Co-Production of Platform Chemicals 1, 3 Propane Diol and 3-Hydroxy Propionic Acid from Waste Glycerol By Clostridium Pasteurianum | AIChE

Co-Production of Platform Chemicals 1, 3 Propane Diol and 3-Hydroxy Propionic Acid from Waste Glycerol By Clostridium Pasteurianum

Authors 

Ortega, D. - Presenter, University of Nottingham
Schuchmann, K., University of Nottingham
Minton, N., The University of Nottingham
Zhang, Y., University of Nottingham

Clostridium are a family of obligate anaerobic and spore forming bacteria found in diverse environments with roles in clinical pathogenesis but also known for their fermentative abilities. In the early 20th century, fermentation of starch into acetone, butanol and ethanol (later known as ABE fermentation) by Clostridium acetobutylicum was one of the first commercial applications of a microbial biocatalyst for production of industrial chemicals.

Interest in Clostridium pasteurianum has been reignited in recent years as it is one of the few species of Clostridium which is able to ferment glycerol – a waste by-product of the biodiesel industry – into industrially relevant chemicals n-butanol and 1,3-propanediol (1,3 PDO). 3-Hydroxypropionic acid (3HP) is another industrially relevant chemical for which biological production routes have been pursued as it can easily be dehydrated into acrylic acid. Acrylic acid and 1,3 PDO have forecasted global market values in excess of $13 and $0.5 billion by 2020 respectively.

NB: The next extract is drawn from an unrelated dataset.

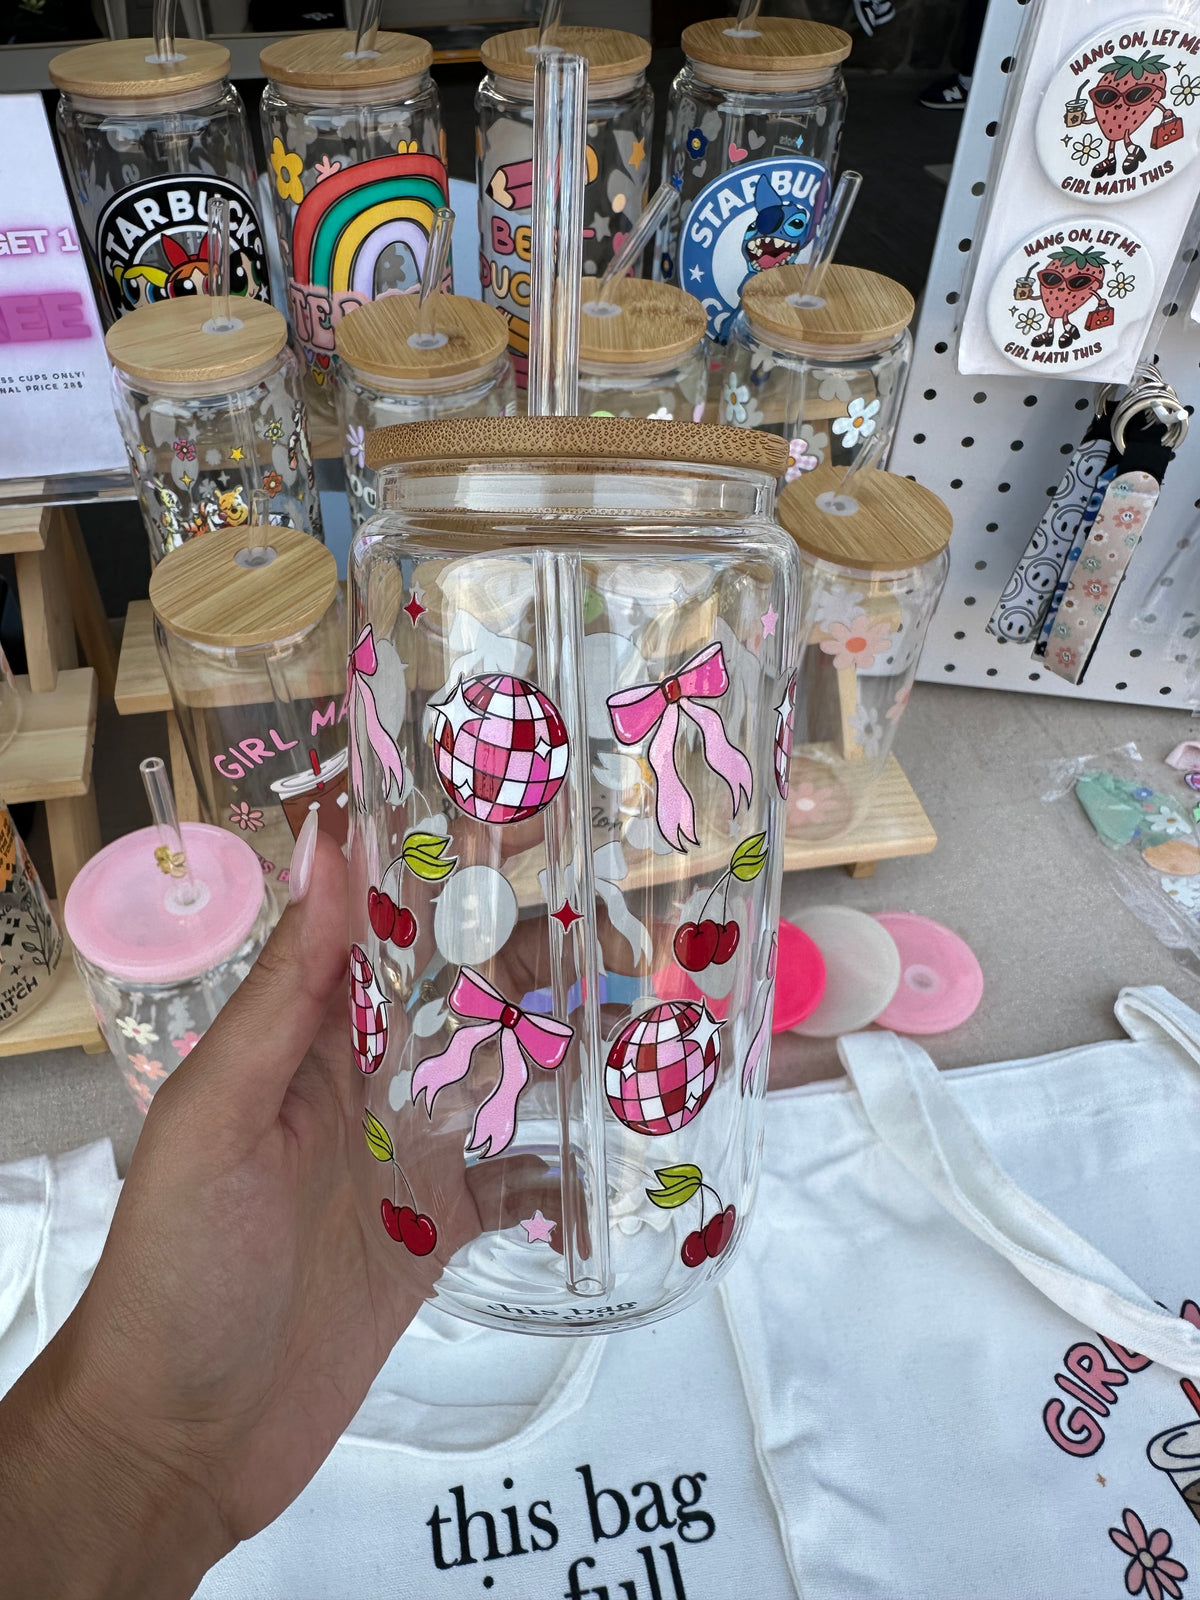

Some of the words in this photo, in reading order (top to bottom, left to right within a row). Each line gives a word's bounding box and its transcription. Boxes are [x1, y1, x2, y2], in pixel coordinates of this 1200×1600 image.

Using synthetic biology and rational metabolic engineering approaches, we describe the genetic manipulation of C. pasteurianum for the co-production of 1,3 PDO and 3HP from waste glycerol. Aspects of glycerol metabolism have been investigated towards gaining a better understanding of variable gene expression of C. pasteurianum during glycerol fermentation. Heterologous expression of enzymes required for production of 3HP are introduced. Both Co-A dependent and Co-A independent pathways for 3HP production from glycerol are explored. Genes involved in production of unwanted by-products are removed towards enhancing product yield. Effects of genetic modifications on metabolite equilibriums and redox balance. Strain engineering strategies by CRISPR and allelic exchange are employed. Generic lessons learned with broad range applicability for production of other bio commodities using different microbial platforms are discussed.